La poesía se convierte entonces en una cuestión de combate, en una tenacidad y una forma subterránea de resistencia. Lo importante es no claudicar, no ceder a aquello que uno de sus artífices, Edgar O'Hara (1954), llama la sospechosa administración del silencio. Ante el conjunto inverosímil de acciones que rigen la vida cotidiana, los jóvenes poetas peruanos hablan. Y lo hacen desde la precariedad de los medios, desde ediciones domésticas y plaquetes artesanales, desde efímeras y voluntariosas revistas o en declaraciones de grupo -Neón, Noble Katerba, el Movimiento Kloaka, de 1982, y el que le antecede con el título adánico y parricida de Hora Zero-.

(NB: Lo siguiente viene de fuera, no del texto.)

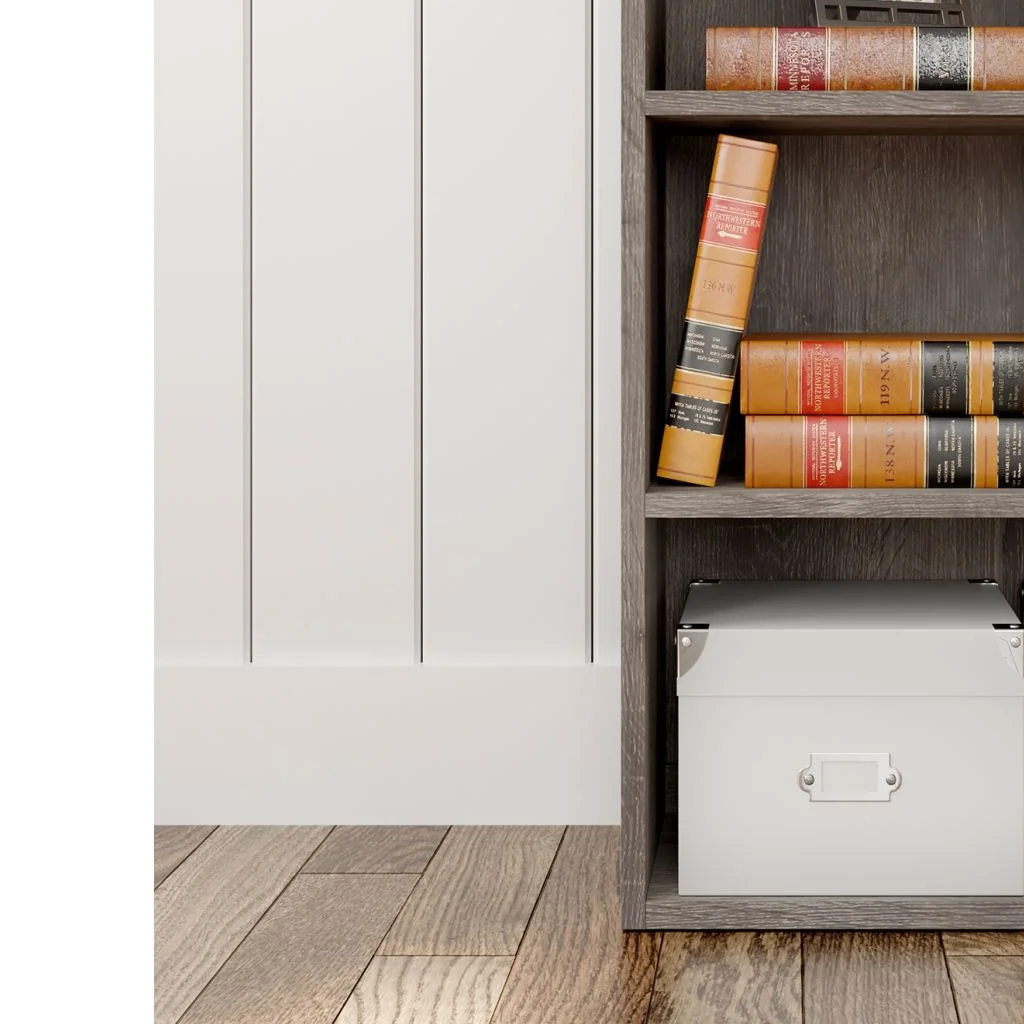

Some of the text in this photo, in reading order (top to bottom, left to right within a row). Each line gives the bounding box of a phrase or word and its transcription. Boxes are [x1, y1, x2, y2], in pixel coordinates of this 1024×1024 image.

Sobre el desarrollo de la poesía peruana contemporánea
Es una poesía no situada y divergente, curiosamente conservadora en el terreno formal, sólo subversiva en sus argumentos y propuestas y que insiste en expresarse, como dice Roger Santiváñez (1956), en la lengua que se oye a medianoche por los barrios de Lima. Una poesía un poco maldita y otro tanto conformada, en la que Jorge Pimentel (1944) grita su mezcla de denuncia y confesión y ofrece espacio a las quejas de sujetos sociales hasta entonces desatendidos; poesía en la que Tulio Mora (1948) adopta la visión de los vencidos, para declarar el dolor y la dominación desde el otro lado o Carmen Ollé (1947) estudia minuciosa y fisiológicamente el cuerpo, del éxtasis al excremento, como vehículo de oposición.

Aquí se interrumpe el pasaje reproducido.